ACTIVITY: Below are some records; give them all again exactly, but not the pictures.

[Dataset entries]
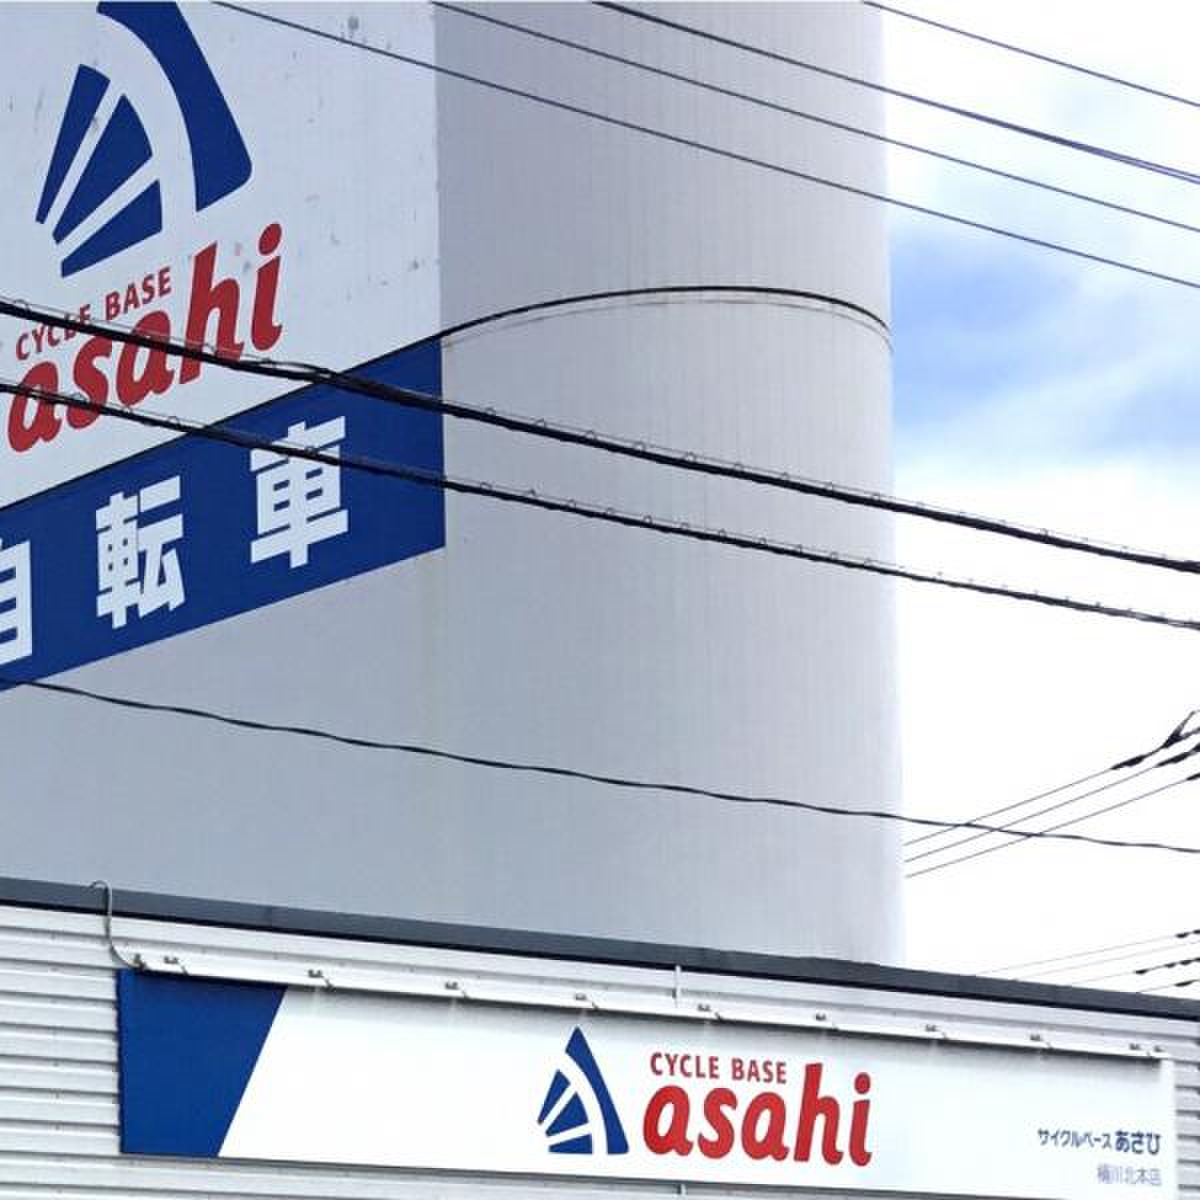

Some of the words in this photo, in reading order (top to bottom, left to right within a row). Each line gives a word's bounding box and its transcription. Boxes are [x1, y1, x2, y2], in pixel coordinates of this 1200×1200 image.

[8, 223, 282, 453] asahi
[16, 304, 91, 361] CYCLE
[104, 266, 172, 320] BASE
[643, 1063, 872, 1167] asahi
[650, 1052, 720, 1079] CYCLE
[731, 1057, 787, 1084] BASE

TASK ANSWER:
Some of the words in this photo, in reading order (top to bottom, left to right within a row). Each line gives a word's bounding box and its transcription. Boxes are [x1, y1, x2, y2], in pixel coordinates of this 1200×1200 image.

[8, 223, 282, 453] asahi
[16, 304, 91, 361] CYCLE
[104, 266, 172, 320] BASE
[643, 1063, 872, 1167] asahi
[650, 1052, 720, 1079] CYCLE
[731, 1057, 787, 1084] BASE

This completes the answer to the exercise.